ELISA and Western blot are two of the most common molecular techniques used to detect and quantify analytes. Both these techniques have similar principles of antibody-antigen binding, but they have different advantages and applications. The current article explores the difference between ELISA protein assay and western blot technique and is a guide for immunoassay services to choose the right method for the research. Whether it’s ELISA services or PCR services, robust ELISA method development and validation is critical for reliable, reproducible, and accurate results.
Difference between ELISA immunoassay and western blotting technique
ELISA services perform ELISA in microplates in a simple and highly sensitive format to measure the presence of specific analytes in study samples. ELISA immunoassays are often quantitative and qualitative assessments of proteins in different matrices such as cell supernatants, serum, plasma, and urine.
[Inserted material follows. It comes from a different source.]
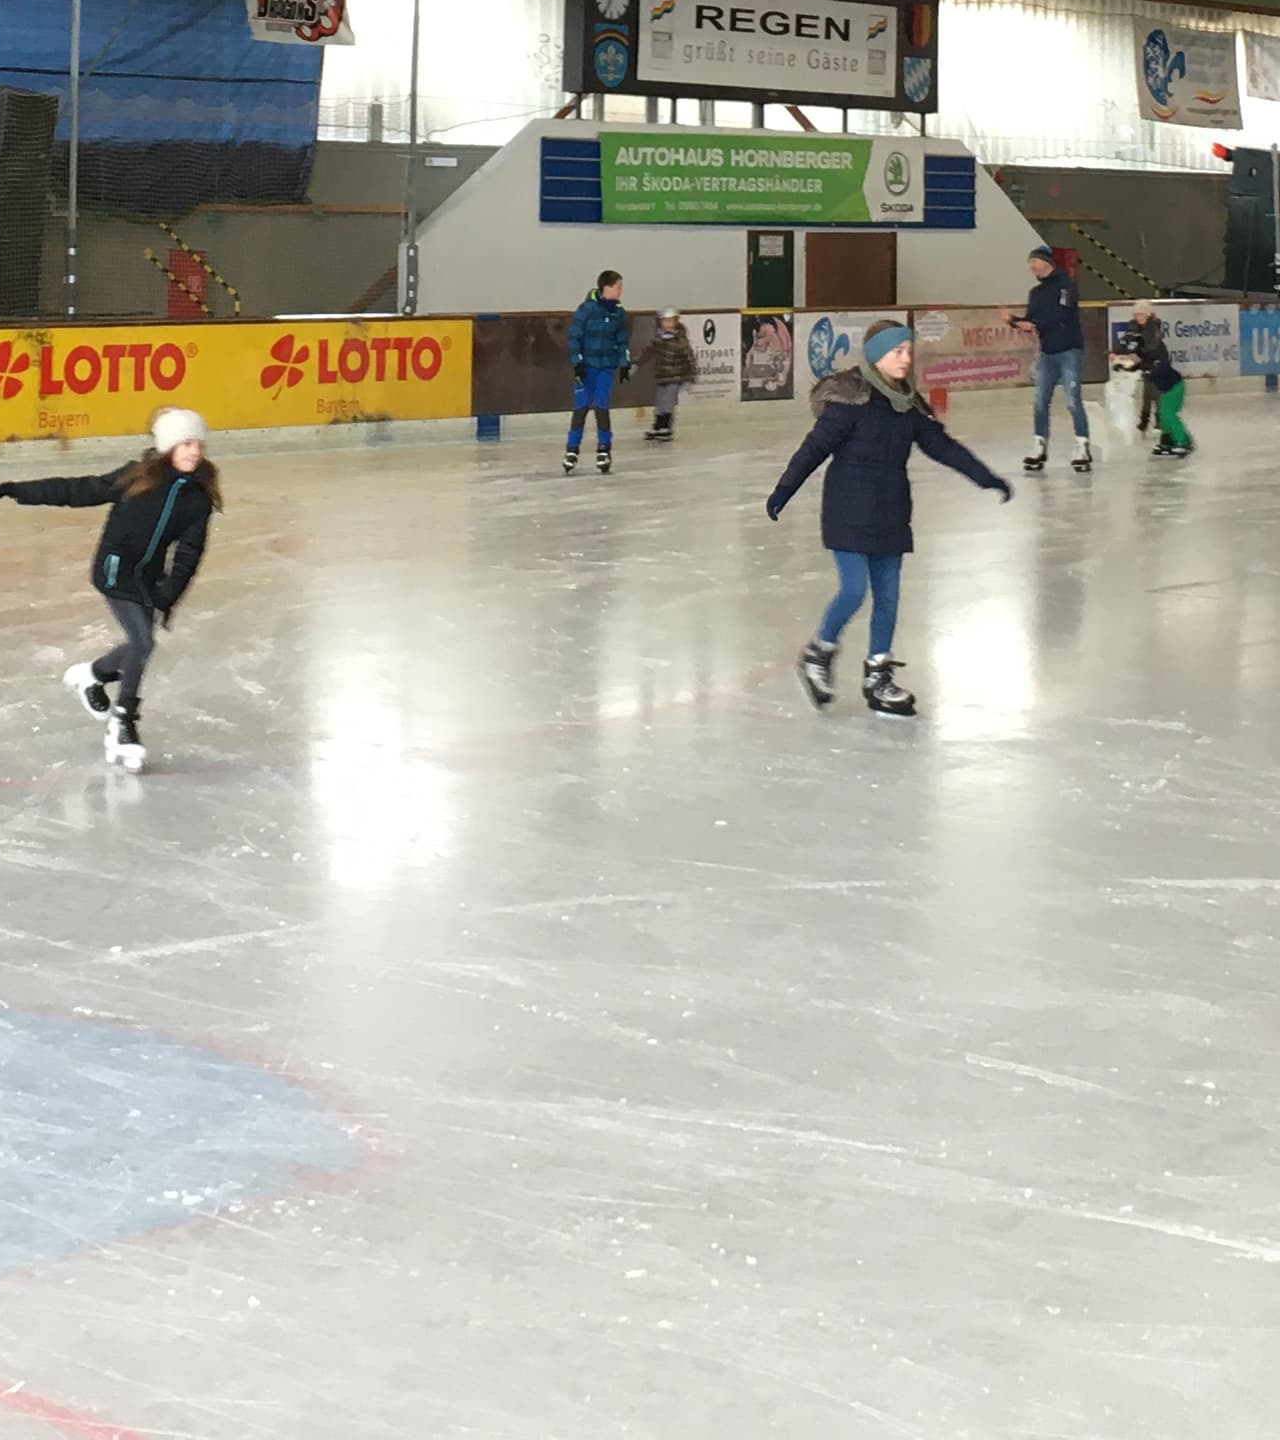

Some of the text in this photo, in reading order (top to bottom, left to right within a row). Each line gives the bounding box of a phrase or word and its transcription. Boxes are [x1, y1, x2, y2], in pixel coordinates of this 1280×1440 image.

Western blotting can characterize and detect specific proteins in study samples. The basic technique involves protein separation using electrophoresis followed by transferring it onto a membrane and using antibodies specific to the analyte of interest. If the target analyte is present in the sample, specific antibodies will bind it. Finally, the secondary antibody binds to the primary antibody and detects it through fluorescence or chemiluminescence methods.
Understanding the advantages and disadvantages of both these methods, ELISA assay development services can make informed decisions to choose an ideal method for their experiment. Both techniques can quantify and detect proteins in study samples. However, each has its unique characteristics and limitations. Let us understand each of these techniques in more detail.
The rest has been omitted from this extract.